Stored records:
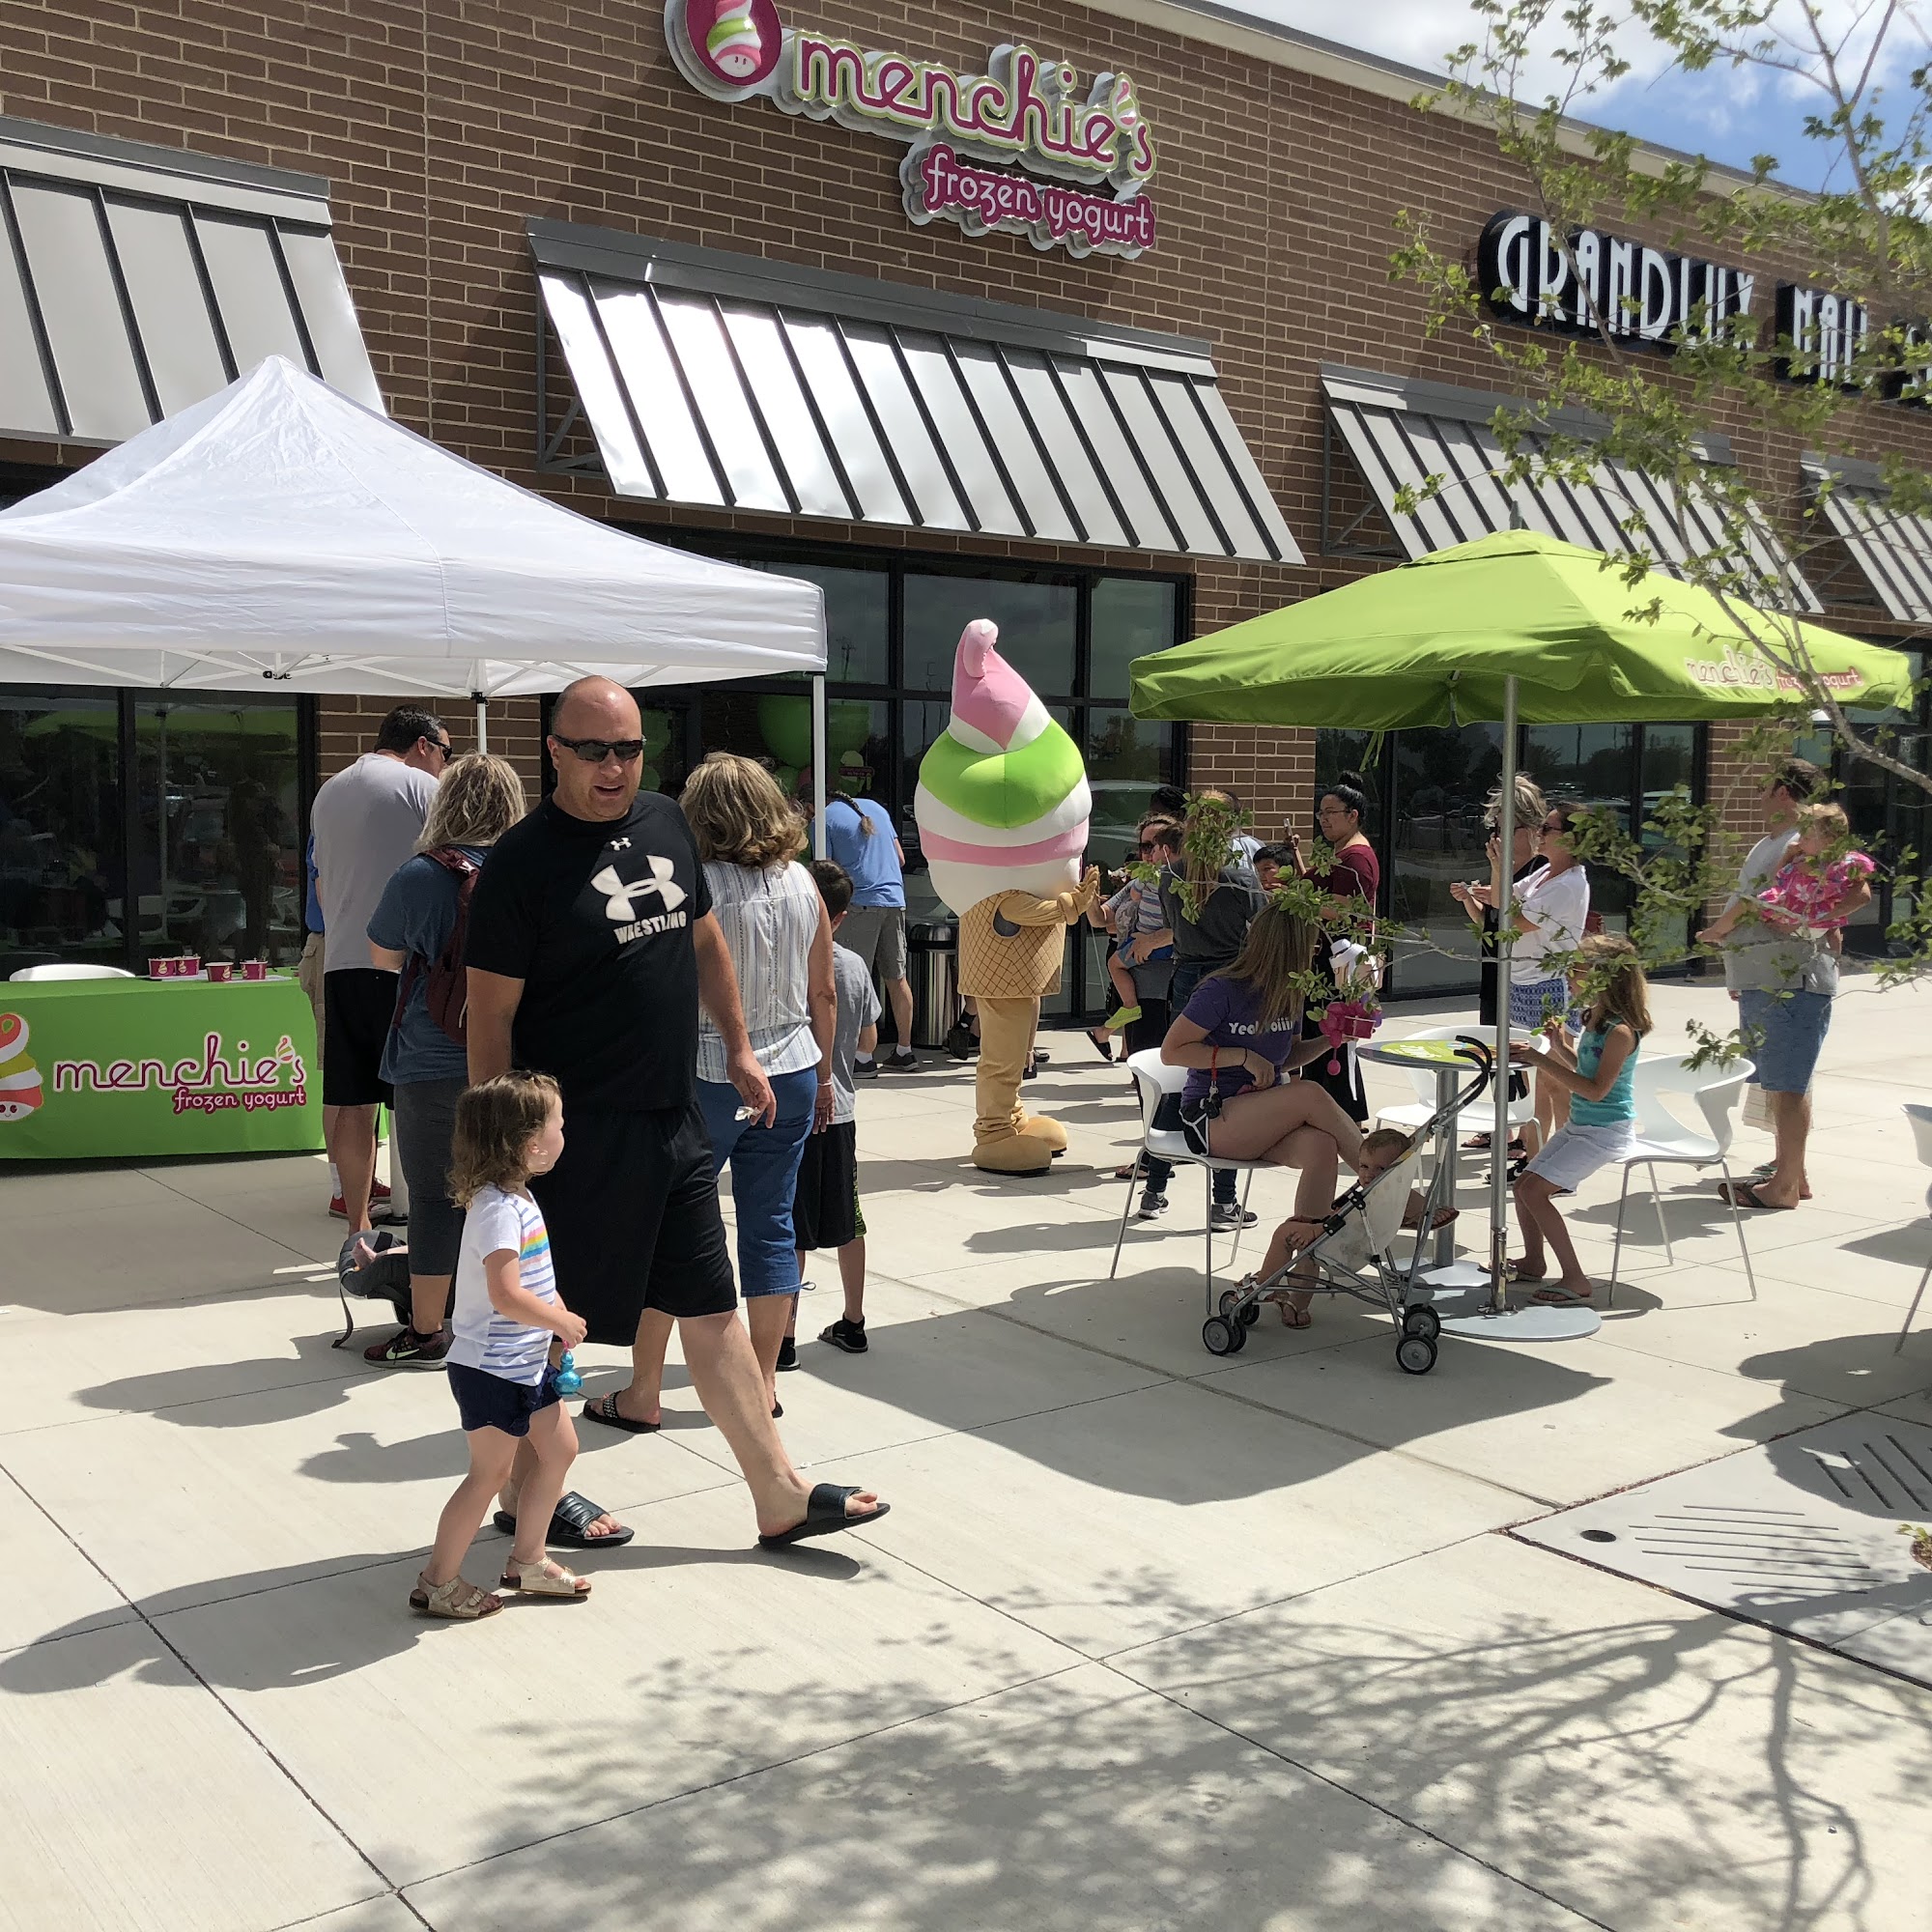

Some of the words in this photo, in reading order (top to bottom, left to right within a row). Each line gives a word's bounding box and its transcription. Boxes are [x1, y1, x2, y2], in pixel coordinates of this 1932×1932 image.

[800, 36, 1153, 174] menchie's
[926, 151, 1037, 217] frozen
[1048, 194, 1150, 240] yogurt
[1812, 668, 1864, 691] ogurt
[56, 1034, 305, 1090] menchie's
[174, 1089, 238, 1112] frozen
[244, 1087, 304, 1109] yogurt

---

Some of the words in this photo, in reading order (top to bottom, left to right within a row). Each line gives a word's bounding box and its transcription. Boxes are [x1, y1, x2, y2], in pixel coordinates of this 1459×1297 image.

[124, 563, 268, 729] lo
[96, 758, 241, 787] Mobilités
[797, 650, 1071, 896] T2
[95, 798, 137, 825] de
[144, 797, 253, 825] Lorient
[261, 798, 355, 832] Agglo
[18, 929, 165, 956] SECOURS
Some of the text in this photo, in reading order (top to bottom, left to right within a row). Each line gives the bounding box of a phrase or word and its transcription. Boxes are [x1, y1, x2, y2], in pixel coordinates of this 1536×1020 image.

---

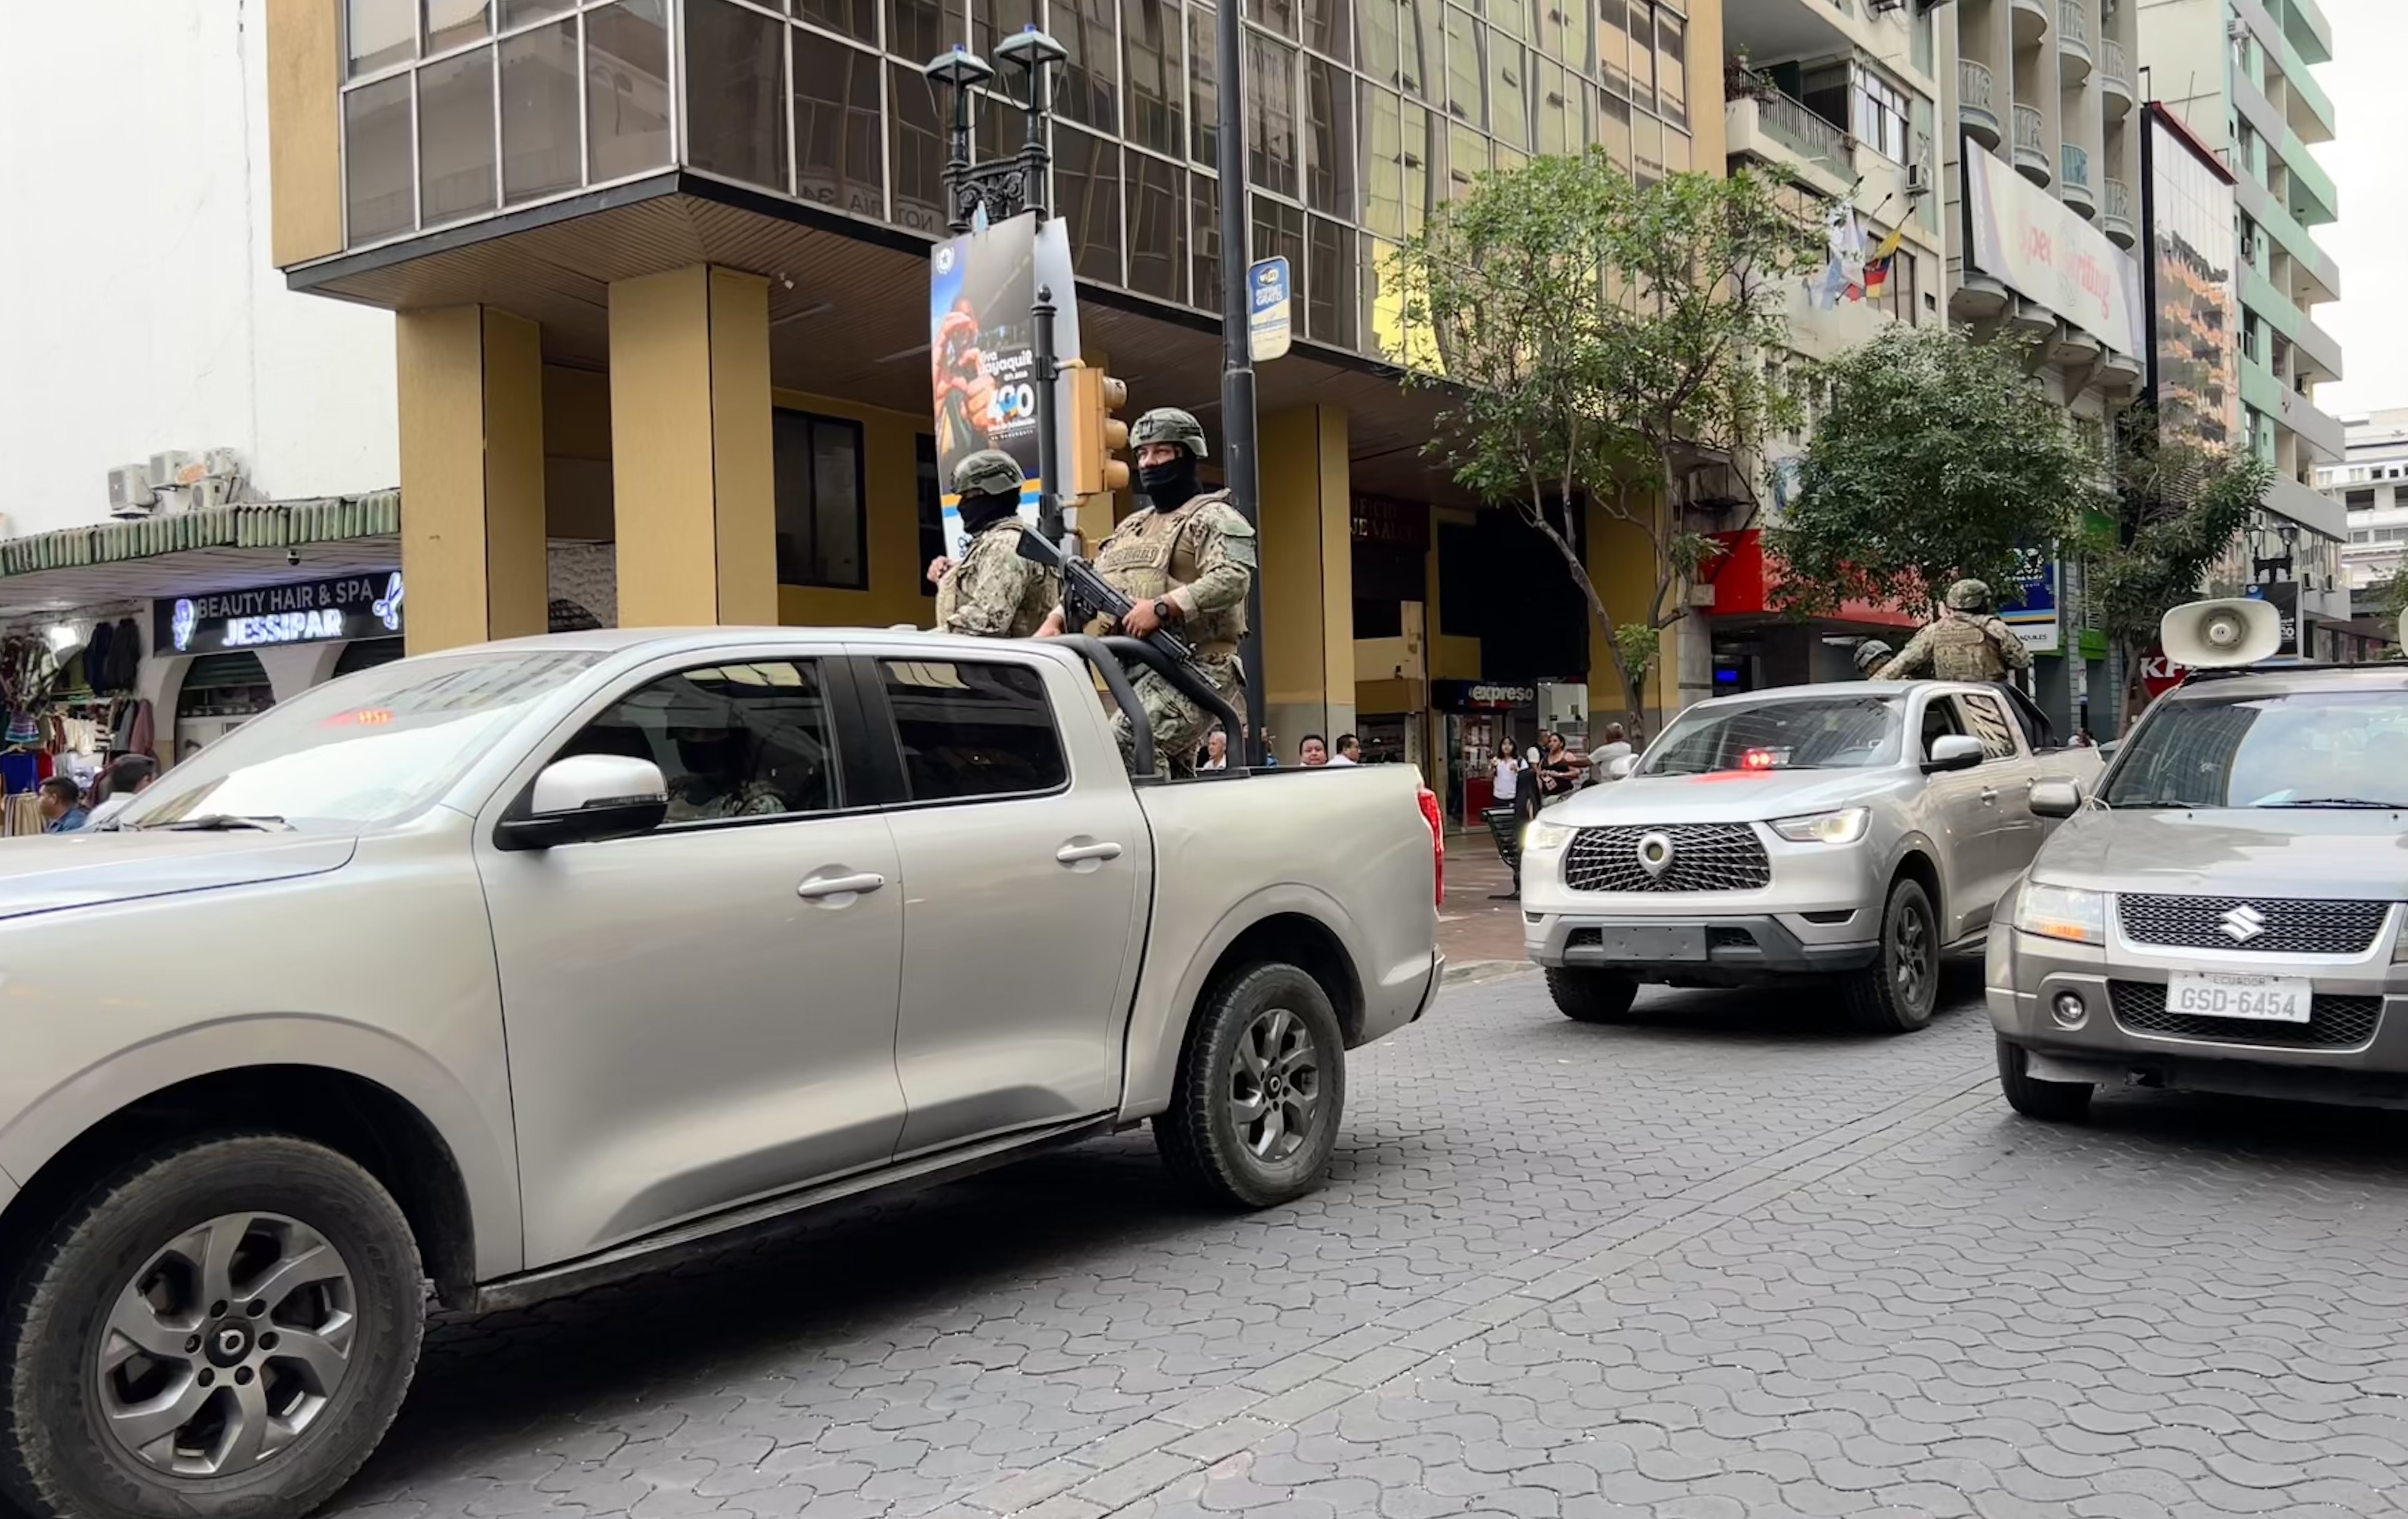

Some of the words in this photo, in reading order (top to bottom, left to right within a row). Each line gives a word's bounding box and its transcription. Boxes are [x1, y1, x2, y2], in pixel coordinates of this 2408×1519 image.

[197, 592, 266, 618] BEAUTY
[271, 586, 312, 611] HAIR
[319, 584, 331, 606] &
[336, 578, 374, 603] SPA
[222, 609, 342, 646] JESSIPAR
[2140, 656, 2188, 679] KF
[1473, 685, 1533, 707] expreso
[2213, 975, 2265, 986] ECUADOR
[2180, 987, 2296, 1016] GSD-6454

BRIEF: Above are the records; repeat exactly the lines from the one holding "this 1459×1297 image." down to the one holding "Some of the text", end lines included.

ANSWER SPACE:
Some of the words in this photo, in reading order (top to bottom, left to right within a row). Each line gives a word's bounding box and its transcription. Boxes are [x1, y1, x2, y2], in pixel coordinates of this 1459×1297 image.

[124, 563, 268, 729] lo
[96, 758, 241, 787] Mobilités
[797, 650, 1071, 896] T2
[95, 798, 137, 825] de
[144, 797, 253, 825] Lorient
[261, 798, 355, 832] Agglo
[18, 929, 165, 956] SECOURS
Some of the text in this photo, in reading order (top to bottom, left to right within a row). Each line gives the bounding box of a phrase or word and its transcription. Boxes are [x1, y1, x2, y2], in pixel coordinates of this 1536×1020 image.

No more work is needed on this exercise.